I actually wrote the following a few months ago but never posted it. Perhaps it will be useful here:
I used to own a 15-year old Craftsman contractor's saw. With a little adjustment, the blade was parallel with the miter gauge slots, the two open rib cast iron extension wings were perfectly flush with the table top and the arbor run-out, measured at the base of the blade gullets was 0.003". The fence sucked but I learned to compensate and live with it. With only one hp, rip cuts on hardwood were---excuse the pun---hard, but doable. Being completely open, dust was a big annoyance. Nevertheless, using the saw I built a 1200 sq ft addition to my house, a few cabinets and all the other little things a home handyman does.
Recently I've become more interested in doing some simple furniture building and some kitchen and bath remodeling so I figured I could factor the cost of new tooling into the *alleged* cost saving of DIY.

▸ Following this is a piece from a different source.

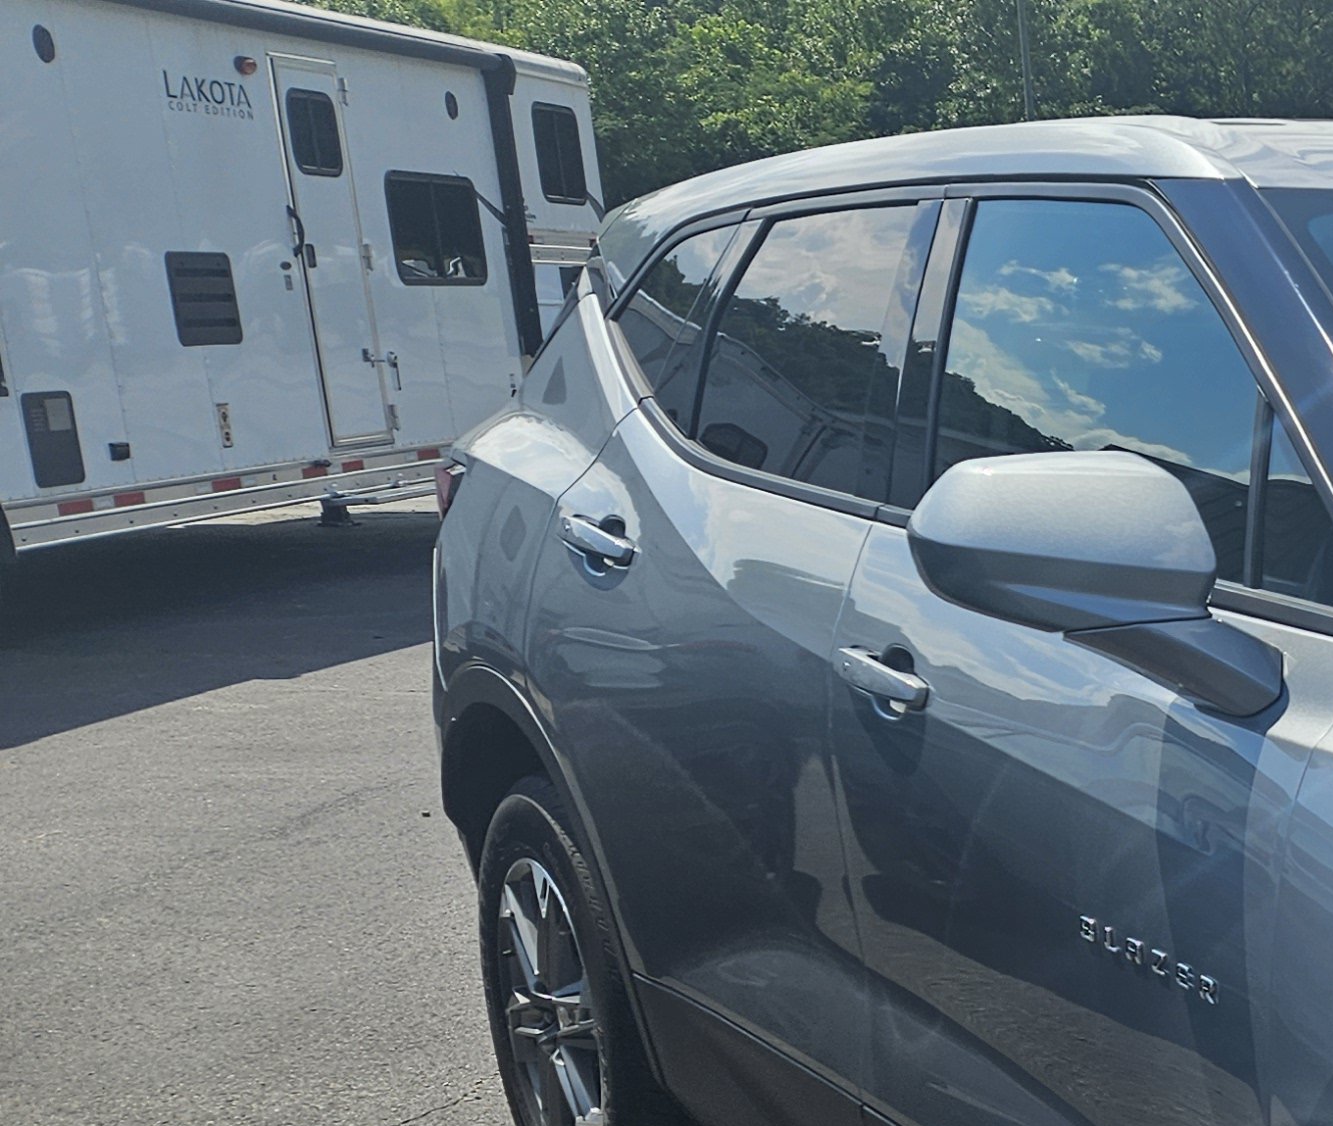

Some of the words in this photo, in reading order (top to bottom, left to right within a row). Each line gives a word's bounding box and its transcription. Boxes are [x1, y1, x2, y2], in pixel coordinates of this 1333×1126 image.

[163, 70, 252, 109] LAKOTA
[168, 100, 198, 113] COLT
[204, 104, 254, 121] EDITION
[1079, 915, 1220, 1005] BLAZER

Thus I succumbed to the siren call of the CABINET SAW and decided to buy one. But which one? Using comments in this forum, product reviews, etc. etc, I decided for various reasons to buy American and get me one of them Unisars.
In other threads I railed against what I perceived as lousy quality control and the fact (in my mind) that manufactures didn't sell saws, they sold saw kits; a bunch of parts that needed to be finished by the sucker-err---buyer, to complete the construction. I gotta a lot of flack over that one so without further ado or editorial comment follows the ongoing story of the Delta Unisaw...

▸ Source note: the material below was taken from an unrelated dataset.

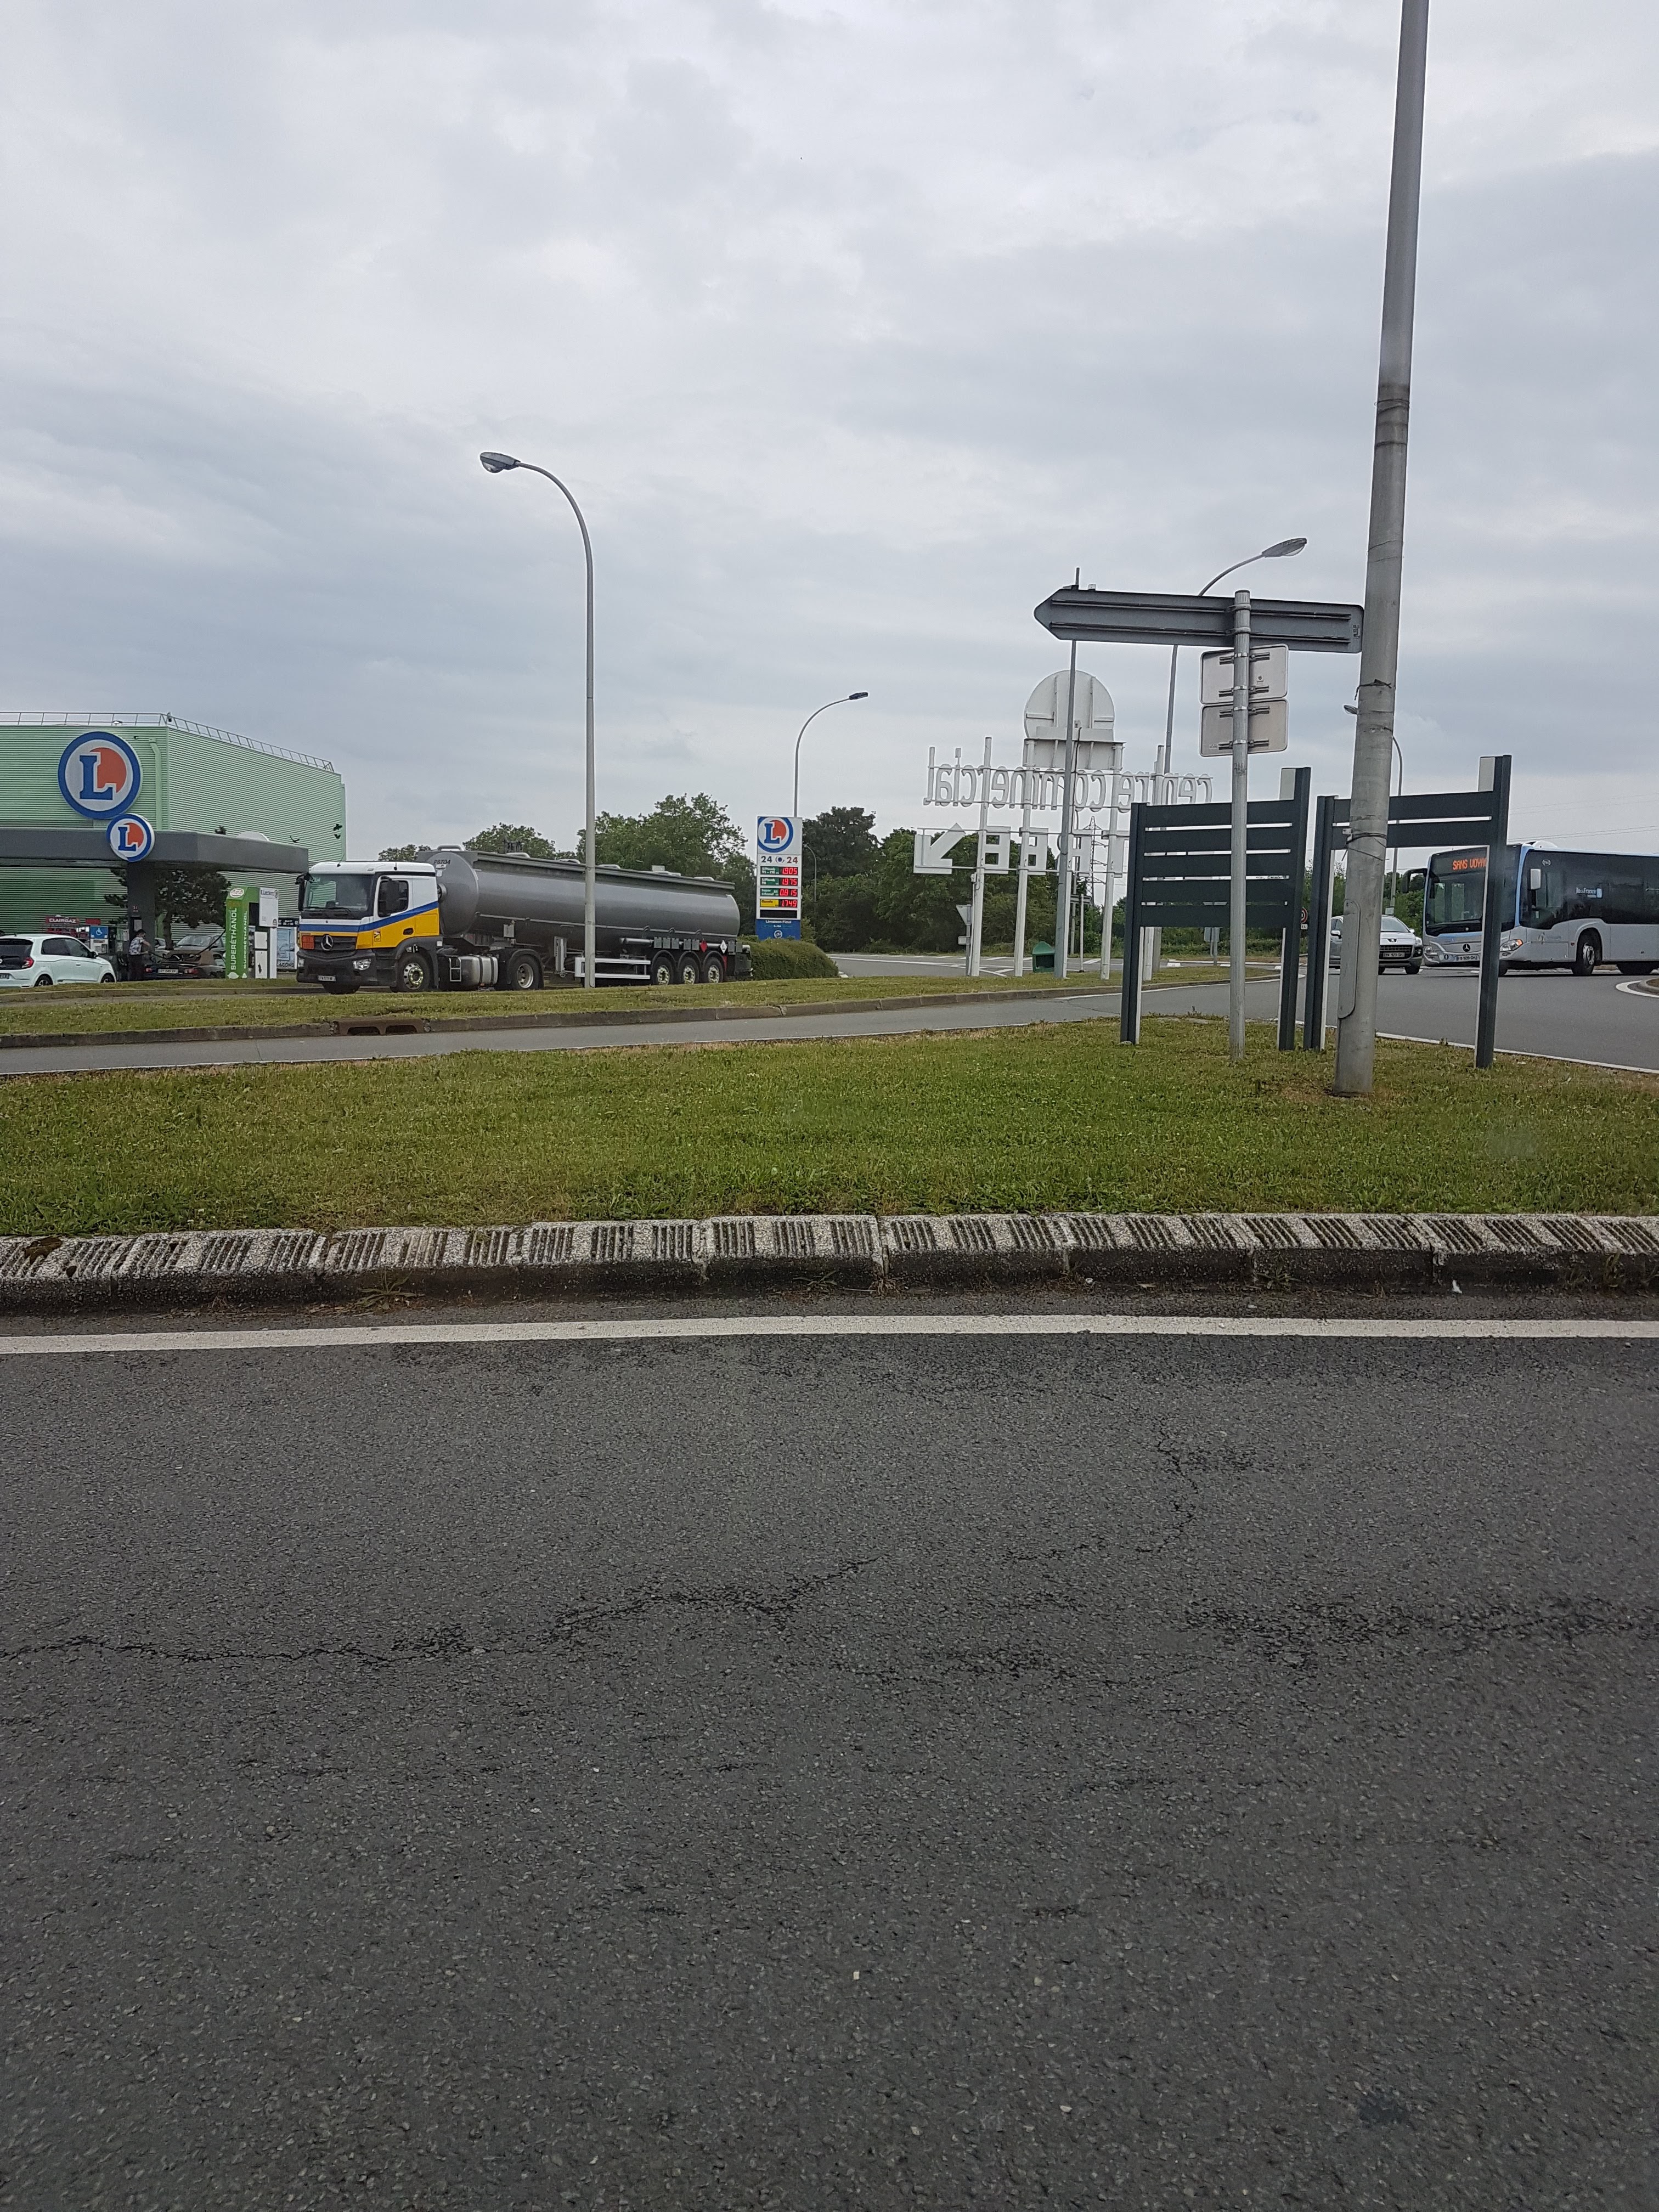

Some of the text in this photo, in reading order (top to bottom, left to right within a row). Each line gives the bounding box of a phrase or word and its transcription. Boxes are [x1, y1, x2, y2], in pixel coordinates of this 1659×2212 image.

[80, 755, 113, 800] L
[118, 827, 136, 851] L
[764, 823, 780, 844] L
[1453, 859, 1468, 870] SANS

1.    Decided to buy locally (glad I did) from Woodcraft during their March 10% off sale. Went with a 30" Biesemeyer fence and Delta mobile base. Paid all of $15 extra for home delivery.
2.    Week later, saw arrives. Two Woodcraft guys deliver in PU truck with no lift gate. Call next-door neighbor over and four of us skid it down a couple of 4x4s without incident. Tilt indicator was bright red before unloading and big hole in box but no apparent damage. Sell Craftsman saw to neighbor for hundred bucks.
3.    Manage to single-handedly get saw off pallet onto mobile base. Work stops here during three-week trip.
4.    Back home, back to assembly. Options are: open all boxes and do inventory and then lose parts before they are needed; or, wait until parts are needed to open boxes. Choose second option.
5.    Assemble left-hand cast iron extension wing. Doesn't line up. Make it flush with the table front and rear and it sags 8 thou midway along the joint line although one inch back from the front, the extension is proud 4 thou. Left front outside edge of extension droops 20 thou.
6.    Call Wendy at Woodcraft. She says Delta will drop ship replacement to me. Work stops for a week.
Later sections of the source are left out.